(Exercise requirements):
Restate all of the entries exactly. Any picture in them should be skipped.

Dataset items
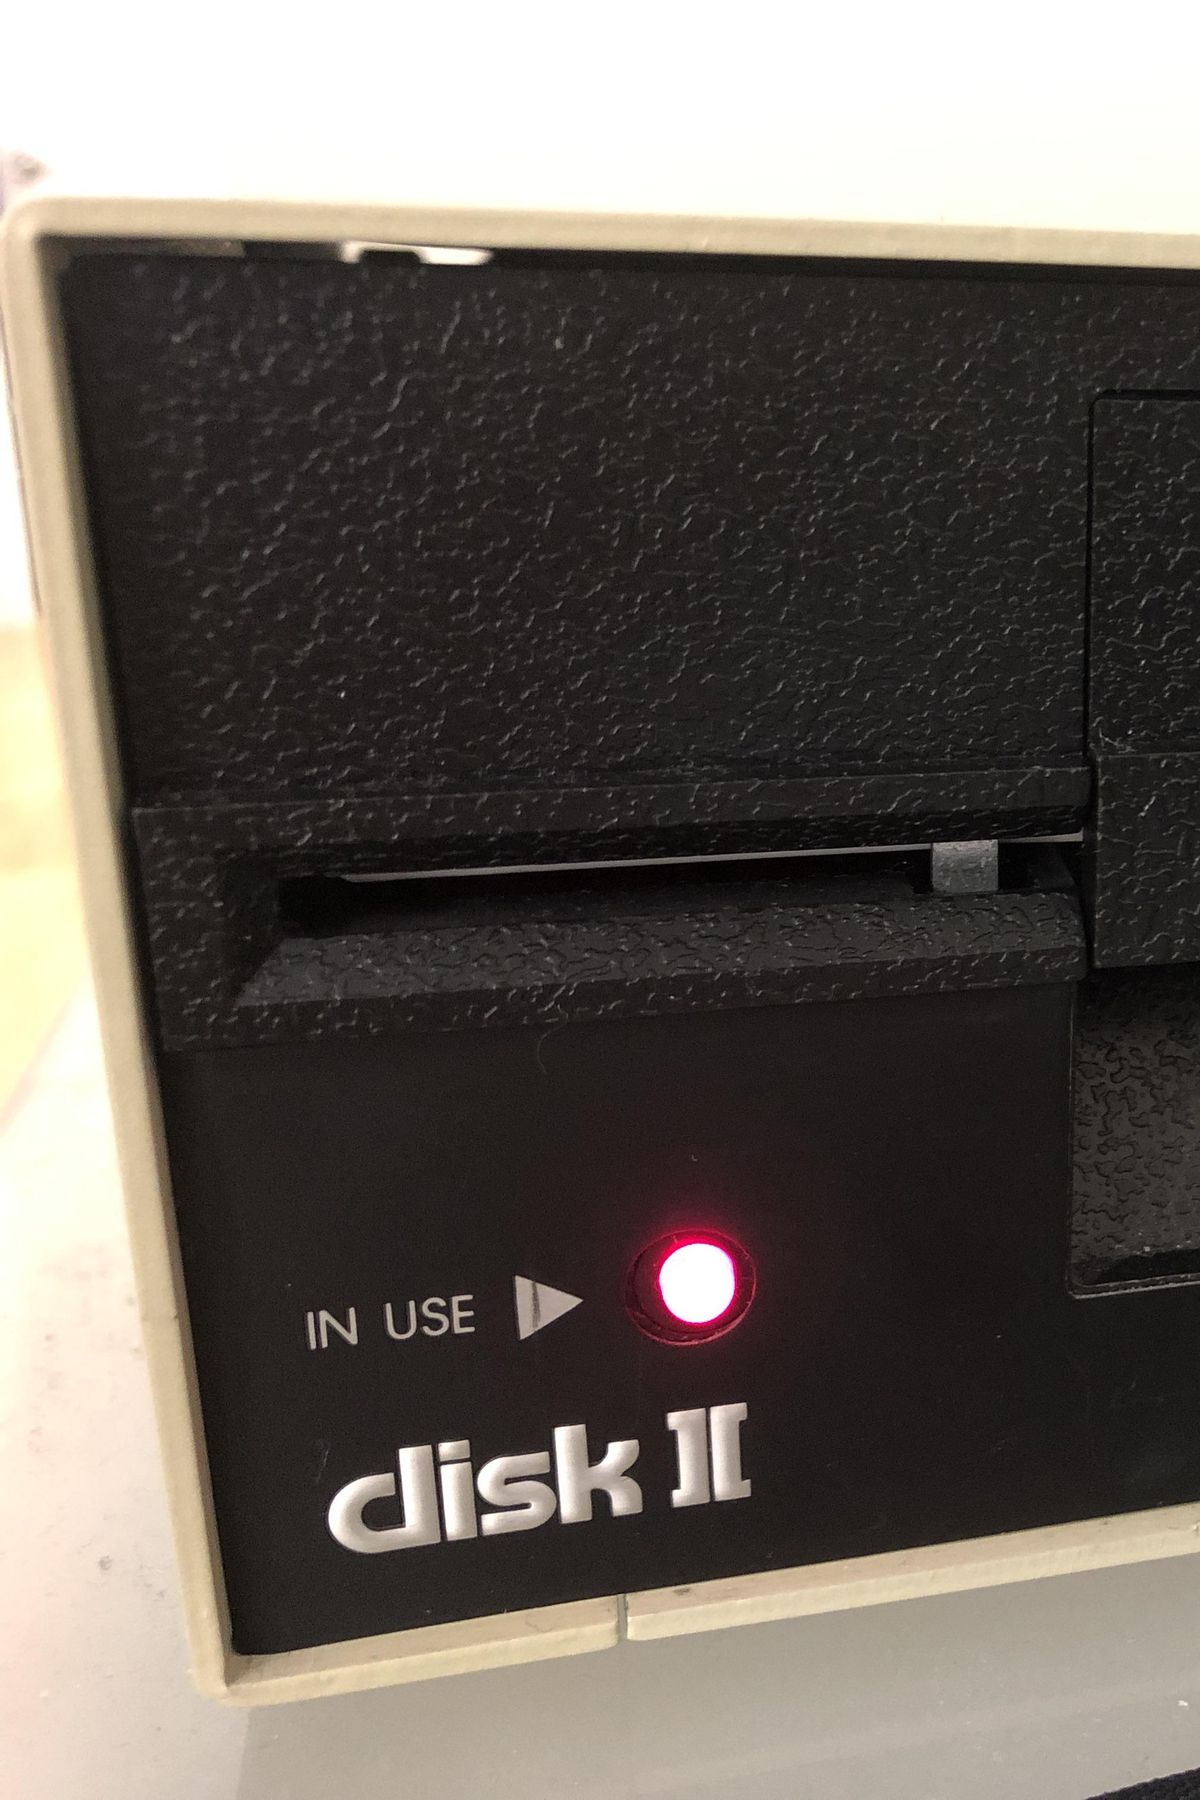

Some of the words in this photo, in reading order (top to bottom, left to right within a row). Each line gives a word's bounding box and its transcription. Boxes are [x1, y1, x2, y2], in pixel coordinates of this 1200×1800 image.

[306, 1306, 359, 1351] IN
[383, 1294, 476, 1340] USE
[327, 1423, 643, 1554] disk
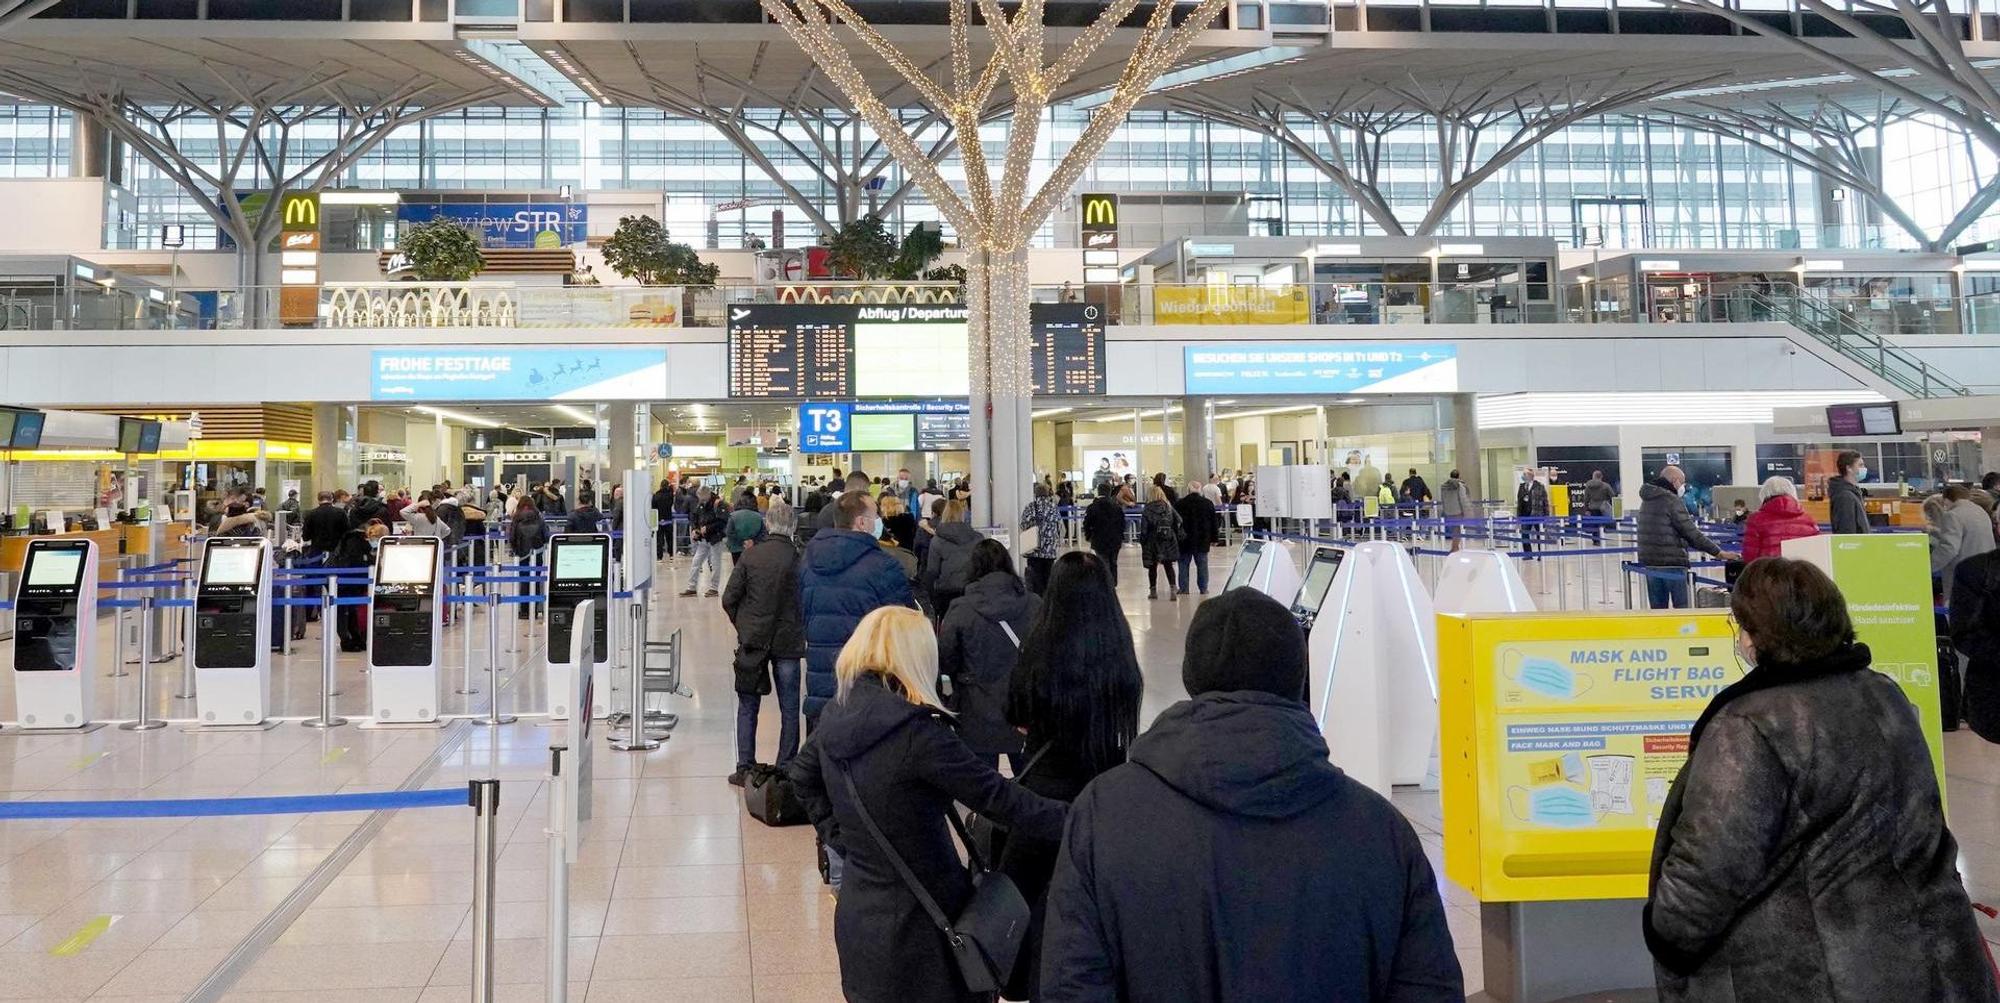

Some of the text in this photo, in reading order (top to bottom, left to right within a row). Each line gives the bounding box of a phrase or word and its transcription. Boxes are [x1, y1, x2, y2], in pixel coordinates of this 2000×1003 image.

[455, 211, 561, 233] viewSTR
[858, 307, 900, 321] Abflug
[901, 307, 907, 319] /
[380, 357, 511, 371] FROHE FESTTAGE
[1193, 352, 1247, 363] BESUCHEN
[1307, 352, 1341, 362] SHOPS
[855, 403, 921, 411] Sicherheitskontrolle
[926, 404, 953, 412] Security
[807, 409, 842, 432] T3
[514, 453, 547, 461] CODE
[1855, 616, 1877, 624] Hand
[1570, 649, 1668, 664] MASK AND
[1613, 666, 1725, 682] FLIGHT BAG
[1651, 684, 1726, 699] SERVI
[1511, 726, 1545, 734] EINWEG
[1547, 725, 1599, 733] NASE-MUND
[1601, 723, 1665, 732] SCHUTZMASKE
[1511, 741, 1534, 749] FACE
[1583, 739, 1601, 747] BAG

(Solution to the exercise):
Some of the words in this photo, in reading order (top to bottom, left to right within a row). Each line gives a word's bounding box and its transcription. Boxes are [x1, y1, x2, y2], in pixel coordinates of this 1200×1800 image.

[306, 1306, 359, 1351] IN
[383, 1294, 476, 1340] USE
[327, 1423, 643, 1554] disk

Some of the text in this photo, in reading order (top to bottom, left to right within a row). Each line gives the bounding box of a phrase or word and its transcription. Boxes are [x1, y1, x2, y2], in pixel coordinates of this 2000×1003 image.

[455, 211, 561, 233] viewSTR
[858, 307, 900, 321] Abflug
[901, 307, 907, 319] /
[380, 357, 511, 371] FROHE FESTTAGE
[1193, 352, 1247, 363] BESUCHEN
[1307, 352, 1341, 362] SHOPS
[855, 403, 921, 411] Sicherheitskontrolle
[926, 404, 953, 412] Security
[807, 409, 842, 432] T3
[514, 453, 547, 461] CODE
[1855, 616, 1877, 624] Hand
[1570, 649, 1668, 664] MASK AND
[1613, 666, 1725, 682] FLIGHT BAG
[1651, 684, 1726, 699] SERVI
[1511, 726, 1545, 734] EINWEG
[1547, 725, 1599, 733] NASE-MUND
[1601, 723, 1665, 732] SCHUTZMASKE
[1511, 741, 1534, 749] FACE
[1583, 739, 1601, 747] BAG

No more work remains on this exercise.